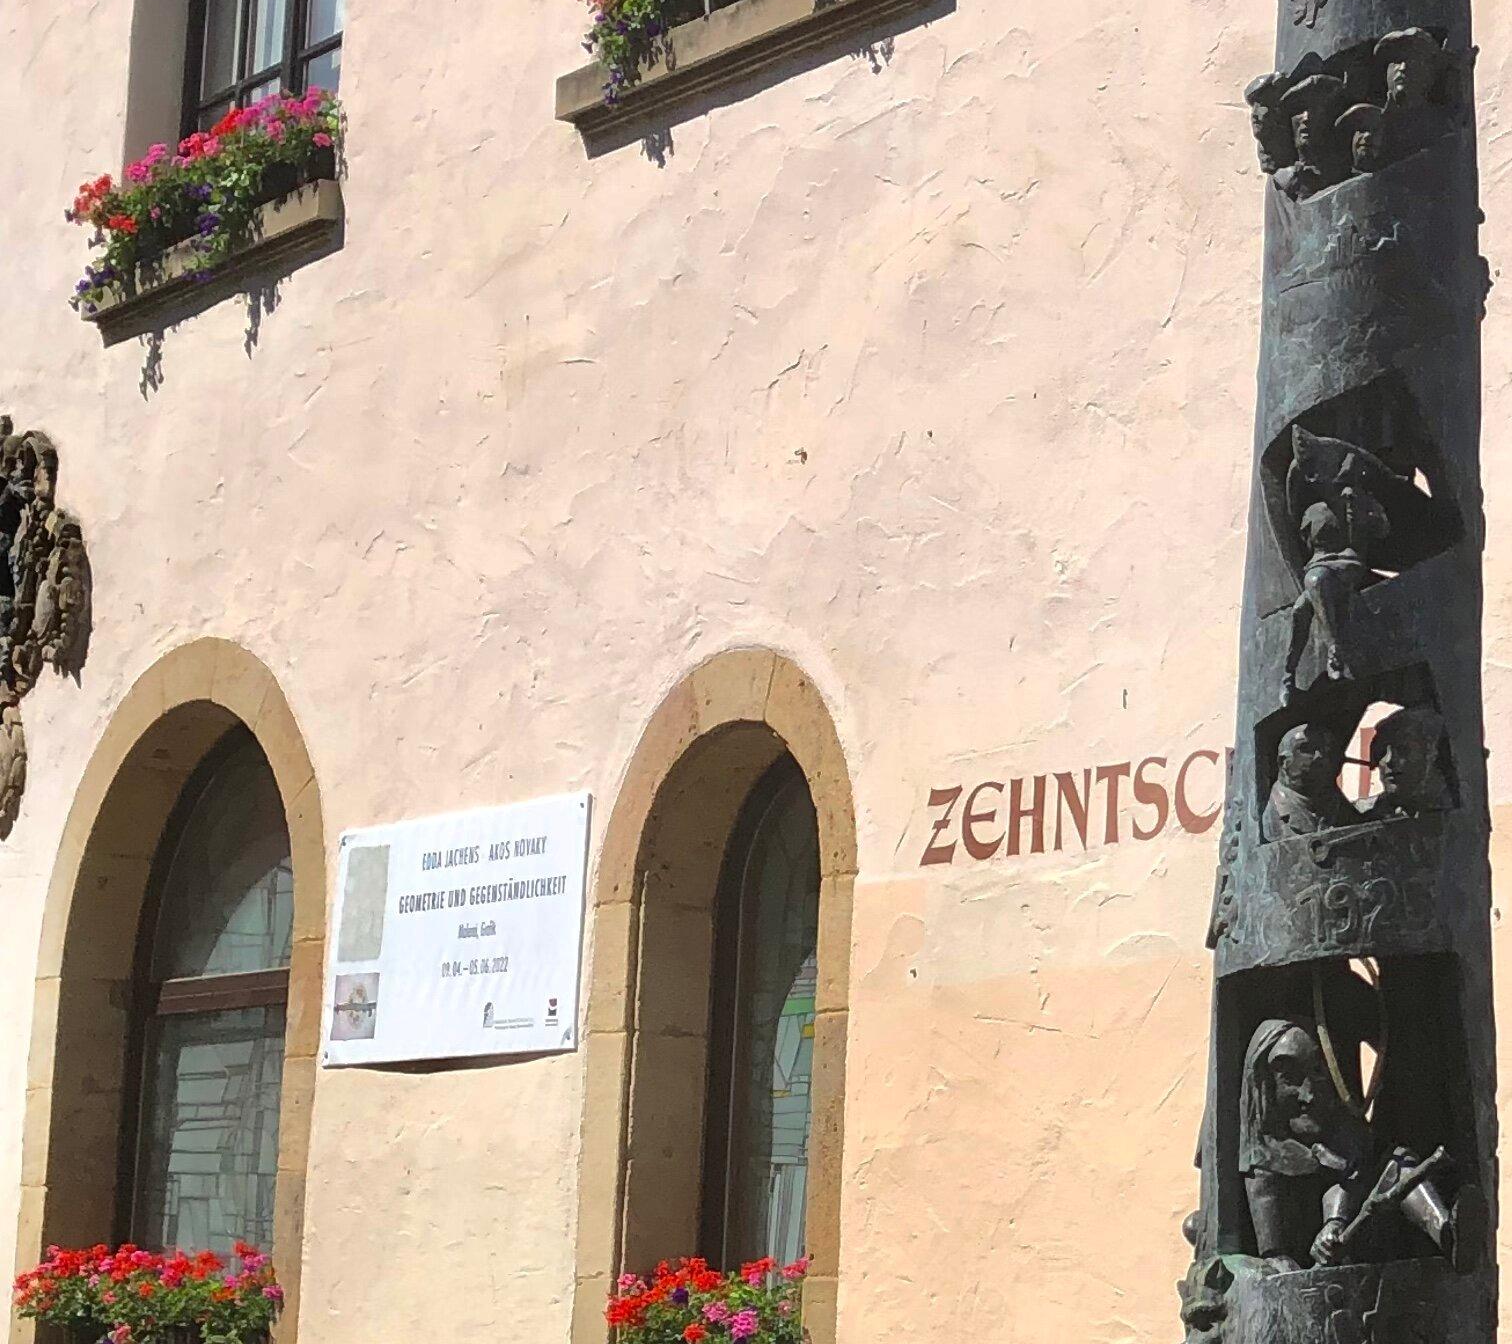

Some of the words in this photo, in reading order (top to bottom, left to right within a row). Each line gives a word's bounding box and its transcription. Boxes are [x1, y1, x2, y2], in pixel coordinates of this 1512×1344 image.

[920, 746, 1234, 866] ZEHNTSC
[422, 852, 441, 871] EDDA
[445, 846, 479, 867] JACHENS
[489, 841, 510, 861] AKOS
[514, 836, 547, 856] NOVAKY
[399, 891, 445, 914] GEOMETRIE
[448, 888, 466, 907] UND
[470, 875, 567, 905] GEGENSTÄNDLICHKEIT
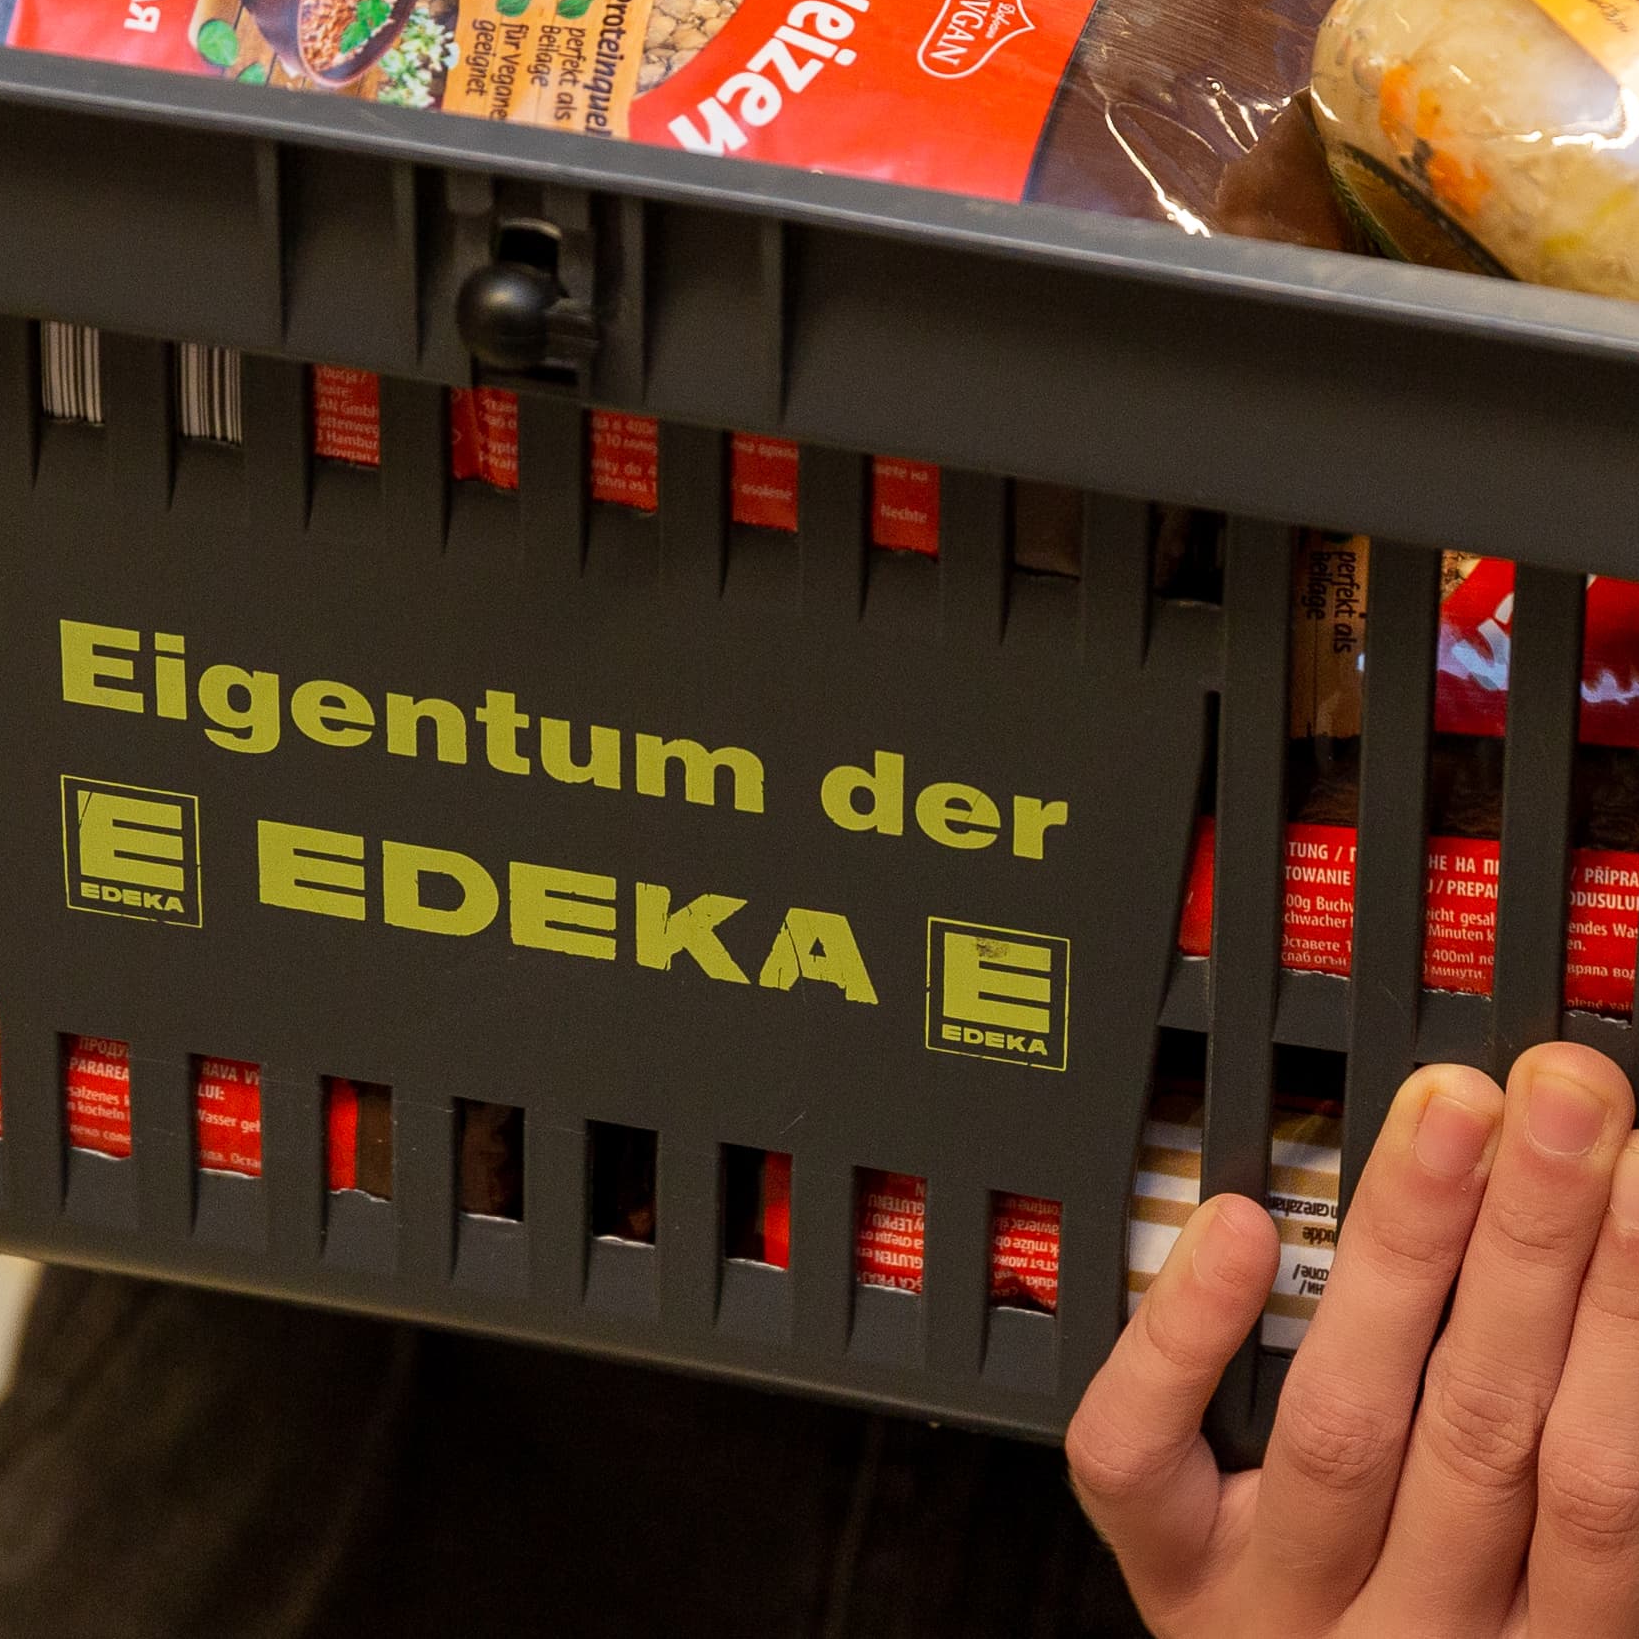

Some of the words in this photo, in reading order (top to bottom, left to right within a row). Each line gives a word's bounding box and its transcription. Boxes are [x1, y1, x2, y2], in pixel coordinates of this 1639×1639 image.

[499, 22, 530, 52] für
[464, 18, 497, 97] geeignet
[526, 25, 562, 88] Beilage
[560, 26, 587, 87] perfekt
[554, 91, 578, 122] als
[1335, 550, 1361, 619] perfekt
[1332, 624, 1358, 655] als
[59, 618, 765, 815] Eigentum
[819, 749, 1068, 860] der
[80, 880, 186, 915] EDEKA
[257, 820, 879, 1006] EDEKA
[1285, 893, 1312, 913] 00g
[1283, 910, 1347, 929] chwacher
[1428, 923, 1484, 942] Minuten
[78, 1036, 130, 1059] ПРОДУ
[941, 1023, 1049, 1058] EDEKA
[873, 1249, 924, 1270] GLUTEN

• _TASK TO CARRY OUT_
The reply should repeat the data in full, exactly as given, and contain no pictures.

• _ANSWER TO THE EXERCISE_
Some of the words in this photo, in reading order (top to bottom, left to right within a row). Each line gives a word's bounding box and its transcription. Boxes are [x1, y1, x2, y2], in pixel coordinates of this 1512×1344 image.

[920, 746, 1234, 866] ZEHNTSC
[422, 852, 441, 871] EDDA
[445, 846, 479, 867] JACHENS
[489, 841, 510, 861] AKOS
[514, 836, 547, 856] NOVAKY
[399, 891, 445, 914] GEOMETRIE
[448, 888, 466, 907] UND
[470, 875, 567, 905] GEGENSTÄNDLICHKEIT

Some of the words in this photo, in reading order (top to bottom, left to right within a row). Each line gives a word's bounding box and its transcription. Boxes are [x1, y1, x2, y2], in pixel coordinates of this 1639×1639 image.

[499, 22, 530, 52] für
[464, 18, 497, 97] geeignet
[526, 25, 562, 88] Beilage
[560, 26, 587, 87] perfekt
[554, 91, 578, 122] als
[1335, 550, 1361, 619] perfekt
[1332, 624, 1358, 655] als
[59, 618, 765, 815] Eigentum
[819, 749, 1068, 860] der
[80, 880, 186, 915] EDEKA
[257, 820, 879, 1006] EDEKA
[1285, 893, 1312, 913] 00g
[1283, 910, 1347, 929] chwacher
[1428, 923, 1484, 942] Minuten
[78, 1036, 130, 1059] ПРОДУ
[941, 1023, 1049, 1058] EDEKA
[873, 1249, 924, 1270] GLUTEN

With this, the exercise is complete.